+++ INFORMATION +++

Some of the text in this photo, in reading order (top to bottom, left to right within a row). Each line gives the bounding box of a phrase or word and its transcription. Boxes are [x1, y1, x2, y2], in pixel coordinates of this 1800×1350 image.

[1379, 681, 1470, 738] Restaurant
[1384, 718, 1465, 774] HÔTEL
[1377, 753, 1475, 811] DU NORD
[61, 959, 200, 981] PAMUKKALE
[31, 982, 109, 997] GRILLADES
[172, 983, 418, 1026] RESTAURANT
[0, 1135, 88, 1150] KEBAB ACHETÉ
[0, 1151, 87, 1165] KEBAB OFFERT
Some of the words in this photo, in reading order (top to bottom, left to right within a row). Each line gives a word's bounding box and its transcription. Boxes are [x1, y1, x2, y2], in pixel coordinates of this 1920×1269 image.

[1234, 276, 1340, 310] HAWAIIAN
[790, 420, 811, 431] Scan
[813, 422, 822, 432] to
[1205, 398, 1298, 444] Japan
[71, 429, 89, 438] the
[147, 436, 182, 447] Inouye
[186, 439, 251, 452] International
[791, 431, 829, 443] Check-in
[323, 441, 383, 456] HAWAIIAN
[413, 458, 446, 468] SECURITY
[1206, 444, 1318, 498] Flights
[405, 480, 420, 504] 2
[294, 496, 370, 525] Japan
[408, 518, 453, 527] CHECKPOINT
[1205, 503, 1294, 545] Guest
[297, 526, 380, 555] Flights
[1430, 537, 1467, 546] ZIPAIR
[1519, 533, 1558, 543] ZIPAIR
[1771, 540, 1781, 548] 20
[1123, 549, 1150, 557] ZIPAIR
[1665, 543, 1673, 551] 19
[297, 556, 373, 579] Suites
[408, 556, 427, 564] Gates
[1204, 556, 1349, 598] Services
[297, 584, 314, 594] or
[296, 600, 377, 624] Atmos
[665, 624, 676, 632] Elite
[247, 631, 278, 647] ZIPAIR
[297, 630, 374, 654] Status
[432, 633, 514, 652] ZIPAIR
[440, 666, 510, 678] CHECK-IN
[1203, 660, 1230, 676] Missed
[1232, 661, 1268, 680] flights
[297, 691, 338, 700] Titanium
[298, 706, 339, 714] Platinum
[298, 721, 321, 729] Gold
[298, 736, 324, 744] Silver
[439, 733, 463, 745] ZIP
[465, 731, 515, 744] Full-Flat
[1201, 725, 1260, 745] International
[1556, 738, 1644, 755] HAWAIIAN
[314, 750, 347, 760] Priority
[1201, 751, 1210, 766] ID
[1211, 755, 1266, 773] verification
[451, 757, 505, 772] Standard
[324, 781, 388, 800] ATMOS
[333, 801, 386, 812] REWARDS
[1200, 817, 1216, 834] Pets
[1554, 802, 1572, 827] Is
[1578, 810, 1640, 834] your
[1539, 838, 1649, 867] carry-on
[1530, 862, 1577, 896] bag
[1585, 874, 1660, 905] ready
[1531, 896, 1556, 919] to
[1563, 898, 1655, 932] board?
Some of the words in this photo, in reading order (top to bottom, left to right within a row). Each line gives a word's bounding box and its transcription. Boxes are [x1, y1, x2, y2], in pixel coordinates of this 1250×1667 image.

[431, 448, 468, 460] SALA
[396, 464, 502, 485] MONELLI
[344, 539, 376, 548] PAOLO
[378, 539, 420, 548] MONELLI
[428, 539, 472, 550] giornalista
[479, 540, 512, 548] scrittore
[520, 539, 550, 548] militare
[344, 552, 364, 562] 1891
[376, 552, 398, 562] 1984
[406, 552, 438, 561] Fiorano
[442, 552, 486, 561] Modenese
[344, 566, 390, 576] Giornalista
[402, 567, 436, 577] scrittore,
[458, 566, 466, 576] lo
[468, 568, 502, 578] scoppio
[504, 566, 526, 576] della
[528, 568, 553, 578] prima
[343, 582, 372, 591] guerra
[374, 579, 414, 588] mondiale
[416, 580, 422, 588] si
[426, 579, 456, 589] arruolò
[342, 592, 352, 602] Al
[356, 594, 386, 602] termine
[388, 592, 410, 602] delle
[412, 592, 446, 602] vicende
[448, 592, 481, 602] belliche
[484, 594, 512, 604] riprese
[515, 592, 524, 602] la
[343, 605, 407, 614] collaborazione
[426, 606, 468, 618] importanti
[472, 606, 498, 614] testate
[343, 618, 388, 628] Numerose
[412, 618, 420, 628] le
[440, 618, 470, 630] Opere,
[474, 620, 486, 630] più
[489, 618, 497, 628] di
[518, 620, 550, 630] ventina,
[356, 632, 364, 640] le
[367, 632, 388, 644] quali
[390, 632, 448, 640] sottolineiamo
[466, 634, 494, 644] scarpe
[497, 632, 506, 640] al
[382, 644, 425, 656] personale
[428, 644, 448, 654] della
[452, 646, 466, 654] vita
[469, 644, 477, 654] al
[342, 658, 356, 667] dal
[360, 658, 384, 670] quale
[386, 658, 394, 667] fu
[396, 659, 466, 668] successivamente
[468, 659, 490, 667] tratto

+++

PROBLEM DESCRIPTION: Write every record out again, letter for letter.

OUTPUT FOR THIS EXERCISE:
Some of the text in this photo, in reading order (top to bottom, left to right within a row). Each line gives the bounding box of a phrase or word and its transcription. Boxes are [x1, y1, x2, y2], in pixel coordinates of this 1800×1350 image.

[1379, 681, 1470, 738] Restaurant
[1384, 718, 1465, 774] HÔTEL
[1377, 753, 1475, 811] DU NORD
[61, 959, 200, 981] PAMUKKALE
[31, 982, 109, 997] GRILLADES
[172, 983, 418, 1026] RESTAURANT
[0, 1135, 88, 1150] KEBAB ACHETÉ
[0, 1151, 87, 1165] KEBAB OFFERT
Some of the words in this photo, in reading order (top to bottom, left to right within a row). Each line gives a word's bounding box and its transcription. Boxes are [x1, y1, x2, y2], in pixel coordinates of this 1920×1269 image.

[1234, 276, 1340, 310] HAWAIIAN
[790, 420, 811, 431] Scan
[813, 422, 822, 432] to
[1205, 398, 1298, 444] Japan
[71, 429, 89, 438] the
[147, 436, 182, 447] Inouye
[186, 439, 251, 452] International
[791, 431, 829, 443] Check-in
[323, 441, 383, 456] HAWAIIAN
[413, 458, 446, 468] SECURITY
[1206, 444, 1318, 498] Flights
[405, 480, 420, 504] 2
[294, 496, 370, 525] Japan
[408, 518, 453, 527] CHECKPOINT
[1205, 503, 1294, 545] Guest
[297, 526, 380, 555] Flights
[1430, 537, 1467, 546] ZIPAIR
[1519, 533, 1558, 543] ZIPAIR
[1771, 540, 1781, 548] 20
[1123, 549, 1150, 557] ZIPAIR
[1665, 543, 1673, 551] 19
[297, 556, 373, 579] Suites
[408, 556, 427, 564] Gates
[1204, 556, 1349, 598] Services
[297, 584, 314, 594] or
[296, 600, 377, 624] Atmos
[665, 624, 676, 632] Elite
[247, 631, 278, 647] ZIPAIR
[297, 630, 374, 654] Status
[432, 633, 514, 652] ZIPAIR
[440, 666, 510, 678] CHECK-IN
[1203, 660, 1230, 676] Missed
[1232, 661, 1268, 680] flights
[297, 691, 338, 700] Titanium
[298, 706, 339, 714] Platinum
[298, 721, 321, 729] Gold
[298, 736, 324, 744] Silver
[439, 733, 463, 745] ZIP
[465, 731, 515, 744] Full-Flat
[1201, 725, 1260, 745] International
[1556, 738, 1644, 755] HAWAIIAN
[314, 750, 347, 760] Priority
[1201, 751, 1210, 766] ID
[1211, 755, 1266, 773] verification
[451, 757, 505, 772] Standard
[324, 781, 388, 800] ATMOS
[333, 801, 386, 812] REWARDS
[1200, 817, 1216, 834] Pets
[1554, 802, 1572, 827] Is
[1578, 810, 1640, 834] your
[1539, 838, 1649, 867] carry-on
[1530, 862, 1577, 896] bag
[1585, 874, 1660, 905] ready
[1531, 896, 1556, 919] to
[1563, 898, 1655, 932] board?
Some of the words in this photo, in reading order (top to bottom, left to right within a row). Each line gives a word's bounding box and its transcription. Boxes are [x1, y1, x2, y2], in pixel coordinates of this 1250×1667 image.

[431, 448, 468, 460] SALA
[396, 464, 502, 485] MONELLI
[344, 539, 376, 548] PAOLO
[378, 539, 420, 548] MONELLI
[428, 539, 472, 550] giornalista
[479, 540, 512, 548] scrittore
[520, 539, 550, 548] militare
[344, 552, 364, 562] 1891
[376, 552, 398, 562] 1984
[406, 552, 438, 561] Fiorano
[442, 552, 486, 561] Modenese
[344, 566, 390, 576] Giornalista
[402, 567, 436, 577] scrittore,
[458, 566, 466, 576] lo
[468, 568, 502, 578] scoppio
[504, 566, 526, 576] della
[528, 568, 553, 578] prima
[343, 582, 372, 591] guerra
[374, 579, 414, 588] mondiale
[416, 580, 422, 588] si
[426, 579, 456, 589] arruolò
[342, 592, 352, 602] Al
[356, 594, 386, 602] termine
[388, 592, 410, 602] delle
[412, 592, 446, 602] vicende
[448, 592, 481, 602] belliche
[484, 594, 512, 604] riprese
[515, 592, 524, 602] la
[343, 605, 407, 614] collaborazione
[426, 606, 468, 618] importanti
[472, 606, 498, 614] testate
[343, 618, 388, 628] Numerose
[412, 618, 420, 628] le
[440, 618, 470, 630] Opere,
[474, 620, 486, 630] più
[489, 618, 497, 628] di
[518, 620, 550, 630] ventina,
[356, 632, 364, 640] le
[367, 632, 388, 644] quali
[390, 632, 448, 640] sottolineiamo
[466, 634, 494, 644] scarpe
[497, 632, 506, 640] al
[382, 644, 425, 656] personale
[428, 644, 448, 654] della
[452, 646, 466, 654] vita
[469, 644, 477, 654] al
[342, 658, 356, 667] dal
[360, 658, 384, 670] quale
[386, 658, 394, 667] fu
[396, 659, 466, 668] successivamente
[468, 659, 490, 667] tratto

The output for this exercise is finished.